[Collected data]
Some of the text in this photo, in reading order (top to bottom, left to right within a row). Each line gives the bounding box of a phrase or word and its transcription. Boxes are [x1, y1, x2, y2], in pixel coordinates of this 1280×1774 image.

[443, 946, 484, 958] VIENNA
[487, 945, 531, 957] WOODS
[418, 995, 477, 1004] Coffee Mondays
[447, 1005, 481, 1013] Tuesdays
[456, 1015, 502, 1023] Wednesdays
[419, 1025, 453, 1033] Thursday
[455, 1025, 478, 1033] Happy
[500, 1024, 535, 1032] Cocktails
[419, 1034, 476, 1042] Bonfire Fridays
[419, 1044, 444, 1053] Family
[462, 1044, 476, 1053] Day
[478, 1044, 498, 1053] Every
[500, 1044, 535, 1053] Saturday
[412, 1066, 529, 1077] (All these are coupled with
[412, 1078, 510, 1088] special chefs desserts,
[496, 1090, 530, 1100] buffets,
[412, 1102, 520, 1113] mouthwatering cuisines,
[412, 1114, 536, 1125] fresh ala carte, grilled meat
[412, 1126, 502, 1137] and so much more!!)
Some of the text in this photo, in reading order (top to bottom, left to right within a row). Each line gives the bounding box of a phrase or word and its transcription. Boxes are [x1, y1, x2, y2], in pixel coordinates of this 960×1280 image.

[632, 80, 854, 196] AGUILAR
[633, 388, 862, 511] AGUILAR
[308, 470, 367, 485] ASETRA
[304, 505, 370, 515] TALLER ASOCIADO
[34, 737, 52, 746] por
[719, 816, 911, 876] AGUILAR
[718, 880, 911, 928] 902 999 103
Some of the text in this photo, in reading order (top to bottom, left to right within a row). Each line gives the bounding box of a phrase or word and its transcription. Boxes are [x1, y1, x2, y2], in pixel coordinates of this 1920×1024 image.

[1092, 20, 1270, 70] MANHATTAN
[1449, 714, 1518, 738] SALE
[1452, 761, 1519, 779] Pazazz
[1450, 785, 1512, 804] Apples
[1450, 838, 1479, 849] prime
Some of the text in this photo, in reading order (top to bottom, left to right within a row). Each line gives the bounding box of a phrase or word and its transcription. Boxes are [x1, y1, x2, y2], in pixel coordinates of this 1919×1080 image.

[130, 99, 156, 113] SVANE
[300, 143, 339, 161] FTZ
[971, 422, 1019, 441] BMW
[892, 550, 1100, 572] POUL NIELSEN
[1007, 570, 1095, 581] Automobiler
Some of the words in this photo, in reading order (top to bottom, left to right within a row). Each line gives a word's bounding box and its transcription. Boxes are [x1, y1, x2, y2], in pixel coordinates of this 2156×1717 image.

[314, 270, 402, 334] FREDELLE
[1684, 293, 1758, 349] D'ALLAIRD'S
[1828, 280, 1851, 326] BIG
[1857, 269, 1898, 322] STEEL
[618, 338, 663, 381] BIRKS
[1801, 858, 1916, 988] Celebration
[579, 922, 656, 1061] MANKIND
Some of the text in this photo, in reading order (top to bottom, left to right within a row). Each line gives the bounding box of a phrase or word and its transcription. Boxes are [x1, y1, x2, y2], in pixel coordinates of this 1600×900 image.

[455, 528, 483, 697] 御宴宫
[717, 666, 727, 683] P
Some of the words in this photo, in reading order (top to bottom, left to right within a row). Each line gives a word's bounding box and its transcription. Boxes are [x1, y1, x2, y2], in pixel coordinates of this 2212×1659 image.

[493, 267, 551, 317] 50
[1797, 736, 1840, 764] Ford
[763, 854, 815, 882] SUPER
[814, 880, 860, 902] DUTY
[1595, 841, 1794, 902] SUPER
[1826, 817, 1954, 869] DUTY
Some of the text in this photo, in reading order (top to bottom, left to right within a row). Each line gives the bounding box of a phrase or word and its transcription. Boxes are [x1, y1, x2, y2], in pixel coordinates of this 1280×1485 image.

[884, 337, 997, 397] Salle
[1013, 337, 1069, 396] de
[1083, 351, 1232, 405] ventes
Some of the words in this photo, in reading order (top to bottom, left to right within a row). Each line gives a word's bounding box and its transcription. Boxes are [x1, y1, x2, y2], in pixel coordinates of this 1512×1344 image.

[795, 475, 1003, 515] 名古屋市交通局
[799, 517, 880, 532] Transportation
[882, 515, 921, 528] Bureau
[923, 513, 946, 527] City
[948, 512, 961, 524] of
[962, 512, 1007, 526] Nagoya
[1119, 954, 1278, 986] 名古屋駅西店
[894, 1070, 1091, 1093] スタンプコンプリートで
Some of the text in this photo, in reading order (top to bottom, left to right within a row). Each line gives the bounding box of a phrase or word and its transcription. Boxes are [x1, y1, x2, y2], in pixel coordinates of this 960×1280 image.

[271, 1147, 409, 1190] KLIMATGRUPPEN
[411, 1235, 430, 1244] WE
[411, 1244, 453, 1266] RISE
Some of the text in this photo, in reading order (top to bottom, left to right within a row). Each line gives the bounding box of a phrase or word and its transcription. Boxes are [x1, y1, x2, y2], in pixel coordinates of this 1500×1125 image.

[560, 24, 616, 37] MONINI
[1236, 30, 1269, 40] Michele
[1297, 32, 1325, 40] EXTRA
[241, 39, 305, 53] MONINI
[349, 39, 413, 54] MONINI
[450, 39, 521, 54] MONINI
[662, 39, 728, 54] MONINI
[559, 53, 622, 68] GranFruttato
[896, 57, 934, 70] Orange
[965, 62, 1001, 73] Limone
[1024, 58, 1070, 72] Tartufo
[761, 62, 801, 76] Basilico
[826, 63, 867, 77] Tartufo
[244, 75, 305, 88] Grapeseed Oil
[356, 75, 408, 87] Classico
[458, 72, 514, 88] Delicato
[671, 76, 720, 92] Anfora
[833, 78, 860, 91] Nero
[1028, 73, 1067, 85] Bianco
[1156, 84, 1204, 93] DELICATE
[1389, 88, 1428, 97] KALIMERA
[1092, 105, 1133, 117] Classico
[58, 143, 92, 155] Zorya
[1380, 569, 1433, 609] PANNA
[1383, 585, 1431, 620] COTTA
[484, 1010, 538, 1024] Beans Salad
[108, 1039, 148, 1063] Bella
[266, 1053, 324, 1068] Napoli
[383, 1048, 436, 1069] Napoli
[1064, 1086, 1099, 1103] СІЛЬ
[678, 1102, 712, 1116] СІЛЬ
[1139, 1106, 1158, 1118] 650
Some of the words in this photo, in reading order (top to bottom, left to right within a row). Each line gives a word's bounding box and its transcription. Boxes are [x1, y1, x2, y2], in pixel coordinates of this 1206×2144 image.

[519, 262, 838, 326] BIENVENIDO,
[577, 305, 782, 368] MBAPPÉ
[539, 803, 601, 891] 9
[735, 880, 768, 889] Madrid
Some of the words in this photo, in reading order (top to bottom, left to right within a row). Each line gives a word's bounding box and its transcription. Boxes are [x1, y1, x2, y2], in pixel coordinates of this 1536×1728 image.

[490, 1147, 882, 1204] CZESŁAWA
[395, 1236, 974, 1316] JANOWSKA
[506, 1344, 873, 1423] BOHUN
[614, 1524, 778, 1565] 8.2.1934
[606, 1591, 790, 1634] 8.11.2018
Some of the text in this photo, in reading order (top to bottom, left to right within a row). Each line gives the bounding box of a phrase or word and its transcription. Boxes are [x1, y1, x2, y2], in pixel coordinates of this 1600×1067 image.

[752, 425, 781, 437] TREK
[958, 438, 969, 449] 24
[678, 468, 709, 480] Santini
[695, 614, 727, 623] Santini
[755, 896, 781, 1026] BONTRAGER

Task instructions
Please return all of the entries exactly as they were given.

Solution
Some of the text in this photo, in reading order (top to bottom, left to right within a row). Each line gives the bounding box of a phrase or word and its transcription. Boxes are [x1, y1, x2, y2], in pixel coordinates of this 1280×1774 image.

[443, 946, 484, 958] VIENNA
[487, 945, 531, 957] WOODS
[418, 995, 477, 1004] Coffee Mondays
[447, 1005, 481, 1013] Tuesdays
[456, 1015, 502, 1023] Wednesdays
[419, 1025, 453, 1033] Thursday
[455, 1025, 478, 1033] Happy
[500, 1024, 535, 1032] Cocktails
[419, 1034, 476, 1042] Bonfire Fridays
[419, 1044, 444, 1053] Family
[462, 1044, 476, 1053] Day
[478, 1044, 498, 1053] Every
[500, 1044, 535, 1053] Saturday
[412, 1066, 529, 1077] (All these are coupled with
[412, 1078, 510, 1088] special chefs desserts,
[496, 1090, 530, 1100] buffets,
[412, 1102, 520, 1113] mouthwatering cuisines,
[412, 1114, 536, 1125] fresh ala carte, grilled meat
[412, 1126, 502, 1137] and so much more!!)
Some of the text in this photo, in reading order (top to bottom, left to right within a row). Each line gives the bounding box of a phrase or word and its transcription. Boxes are [x1, y1, x2, y2], in pixel coordinates of this 960×1280 image.

[632, 80, 854, 196] AGUILAR
[633, 388, 862, 511] AGUILAR
[308, 470, 367, 485] ASETRA
[304, 505, 370, 515] TALLER ASOCIADO
[34, 737, 52, 746] por
[719, 816, 911, 876] AGUILAR
[718, 880, 911, 928] 902 999 103
Some of the text in this photo, in reading order (top to bottom, left to right within a row). Each line gives the bounding box of a phrase or word and its transcription. Boxes are [x1, y1, x2, y2], in pixel coordinates of this 1920×1024 image.

[1092, 20, 1270, 70] MANHATTAN
[1449, 714, 1518, 738] SALE
[1452, 761, 1519, 779] Pazazz
[1450, 785, 1512, 804] Apples
[1450, 838, 1479, 849] prime
Some of the text in this photo, in reading order (top to bottom, left to right within a row). Each line gives the bounding box of a phrase or word and its transcription. Boxes are [x1, y1, x2, y2], in pixel coordinates of this 1919×1080 image.

[130, 99, 156, 113] SVANE
[300, 143, 339, 161] FTZ
[971, 422, 1019, 441] BMW
[892, 550, 1100, 572] POUL NIELSEN
[1007, 570, 1095, 581] Automobiler
Some of the words in this photo, in reading order (top to bottom, left to right within a row). Each line gives a word's bounding box and its transcription. Boxes are [x1, y1, x2, y2], in pixel coordinates of this 2156×1717 image.

[314, 270, 402, 334] FREDELLE
[1684, 293, 1758, 349] D'ALLAIRD'S
[1828, 280, 1851, 326] BIG
[1857, 269, 1898, 322] STEEL
[618, 338, 663, 381] BIRKS
[1801, 858, 1916, 988] Celebration
[579, 922, 656, 1061] MANKIND
Some of the text in this photo, in reading order (top to bottom, left to right within a row). Each line gives the bounding box of a phrase or word and its transcription. Boxes are [x1, y1, x2, y2], in pixel coordinates of this 1600×900 image.

[455, 528, 483, 697] 御宴宫
[717, 666, 727, 683] P
Some of the words in this photo, in reading order (top to bottom, left to right within a row). Each line gives a word's bounding box and its transcription. Boxes are [x1, y1, x2, y2], in pixel coordinates of this 2212×1659 image.

[493, 267, 551, 317] 50
[1797, 736, 1840, 764] Ford
[763, 854, 815, 882] SUPER
[814, 880, 860, 902] DUTY
[1595, 841, 1794, 902] SUPER
[1826, 817, 1954, 869] DUTY
Some of the text in this photo, in reading order (top to bottom, left to right within a row). Each line gives the bounding box of a phrase or word and its transcription. Boxes are [x1, y1, x2, y2], in pixel coordinates of this 1280×1485 image.

[884, 337, 997, 397] Salle
[1013, 337, 1069, 396] de
[1083, 351, 1232, 405] ventes
Some of the words in this photo, in reading order (top to bottom, left to right within a row). Each line gives a word's bounding box and its transcription. Boxes are [x1, y1, x2, y2], in pixel coordinates of this 1512×1344 image.

[795, 475, 1003, 515] 名古屋市交通局
[799, 517, 880, 532] Transportation
[882, 515, 921, 528] Bureau
[923, 513, 946, 527] City
[948, 512, 961, 524] of
[962, 512, 1007, 526] Nagoya
[1119, 954, 1278, 986] 名古屋駅西店
[894, 1070, 1091, 1093] スタンプコンプリートで
Some of the text in this photo, in reading order (top to bottom, left to right within a row). Each line gives the bounding box of a phrase or word and its transcription. Boxes are [x1, y1, x2, y2], in pixel coordinates of this 960×1280 image.

[271, 1147, 409, 1190] KLIMATGRUPPEN
[411, 1235, 430, 1244] WE
[411, 1244, 453, 1266] RISE
Some of the text in this photo, in reading order (top to bottom, left to right within a row). Each line gives the bounding box of a phrase or word and its transcription. Boxes are [x1, y1, x2, y2], in pixel coordinates of this 1500×1125 image.

[560, 24, 616, 37] MONINI
[1236, 30, 1269, 40] Michele
[1297, 32, 1325, 40] EXTRA
[241, 39, 305, 53] MONINI
[349, 39, 413, 54] MONINI
[450, 39, 521, 54] MONINI
[662, 39, 728, 54] MONINI
[559, 53, 622, 68] GranFruttato
[896, 57, 934, 70] Orange
[965, 62, 1001, 73] Limone
[1024, 58, 1070, 72] Tartufo
[761, 62, 801, 76] Basilico
[826, 63, 867, 77] Tartufo
[244, 75, 305, 88] Grapeseed Oil
[356, 75, 408, 87] Classico
[458, 72, 514, 88] Delicato
[671, 76, 720, 92] Anfora
[833, 78, 860, 91] Nero
[1028, 73, 1067, 85] Bianco
[1156, 84, 1204, 93] DELICATE
[1389, 88, 1428, 97] KALIMERA
[1092, 105, 1133, 117] Classico
[58, 143, 92, 155] Zorya
[1380, 569, 1433, 609] PANNA
[1383, 585, 1431, 620] COTTA
[484, 1010, 538, 1024] Beans Salad
[108, 1039, 148, 1063] Bella
[266, 1053, 324, 1068] Napoli
[383, 1048, 436, 1069] Napoli
[1064, 1086, 1099, 1103] СІЛЬ
[678, 1102, 712, 1116] СІЛЬ
[1139, 1106, 1158, 1118] 650
Some of the words in this photo, in reading order (top to bottom, left to right within a row). Each line gives a word's bounding box and its transcription. Boxes are [x1, y1, x2, y2], in pixel coordinates of this 1206×2144 image.

[519, 262, 838, 326] BIENVENIDO,
[577, 305, 782, 368] MBAPPÉ
[539, 803, 601, 891] 9
[735, 880, 768, 889] Madrid
Some of the words in this photo, in reading order (top to bottom, left to right within a row). Each line gives a word's bounding box and its transcription. Boxes are [x1, y1, x2, y2], in pixel coordinates of this 1536×1728 image.

[490, 1147, 882, 1204] CZESŁAWA
[395, 1236, 974, 1316] JANOWSKA
[506, 1344, 873, 1423] BOHUN
[614, 1524, 778, 1565] 8.2.1934
[606, 1591, 790, 1634] 8.11.2018
Some of the text in this photo, in reading order (top to bottom, left to right within a row). Each line gives the bounding box of a phrase or word and its transcription. Boxes are [x1, y1, x2, y2], in pixel coordinates of this 1600×1067 image.

[752, 425, 781, 437] TREK
[958, 438, 969, 449] 24
[678, 468, 709, 480] Santini
[695, 614, 727, 623] Santini
[755, 896, 781, 1026] BONTRAGER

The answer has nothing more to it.